● What you have to do
With the records in front of you, set every one of them down exactly.

● Data under study
BEGIN
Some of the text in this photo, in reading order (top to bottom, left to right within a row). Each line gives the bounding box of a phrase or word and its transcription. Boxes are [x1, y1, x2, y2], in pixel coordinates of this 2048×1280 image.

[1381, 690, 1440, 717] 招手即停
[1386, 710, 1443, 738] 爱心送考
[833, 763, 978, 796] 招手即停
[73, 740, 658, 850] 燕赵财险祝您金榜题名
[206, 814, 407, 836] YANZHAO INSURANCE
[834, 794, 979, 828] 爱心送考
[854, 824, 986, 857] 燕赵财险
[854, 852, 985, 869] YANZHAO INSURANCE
END
● Reply
Some of the text in this photo, in reading order (top to bottom, left to right within a row). Each line gives the bounding box of a phrase or word and its transcription. Boxes are [x1, y1, x2, y2], in pixel coordinates of this 2048×1280 image.

[1381, 690, 1440, 717] 招手即停
[1386, 710, 1443, 738] 爱心送考
[833, 763, 978, 796] 招手即停
[73, 740, 658, 850] 燕赵财险祝您金榜题名
[206, 814, 407, 836] YANZHAO INSURANCE
[834, 794, 979, 828] 爱心送考
[854, 824, 986, 857] 燕赵财险
[854, 852, 985, 869] YANZHAO INSURANCE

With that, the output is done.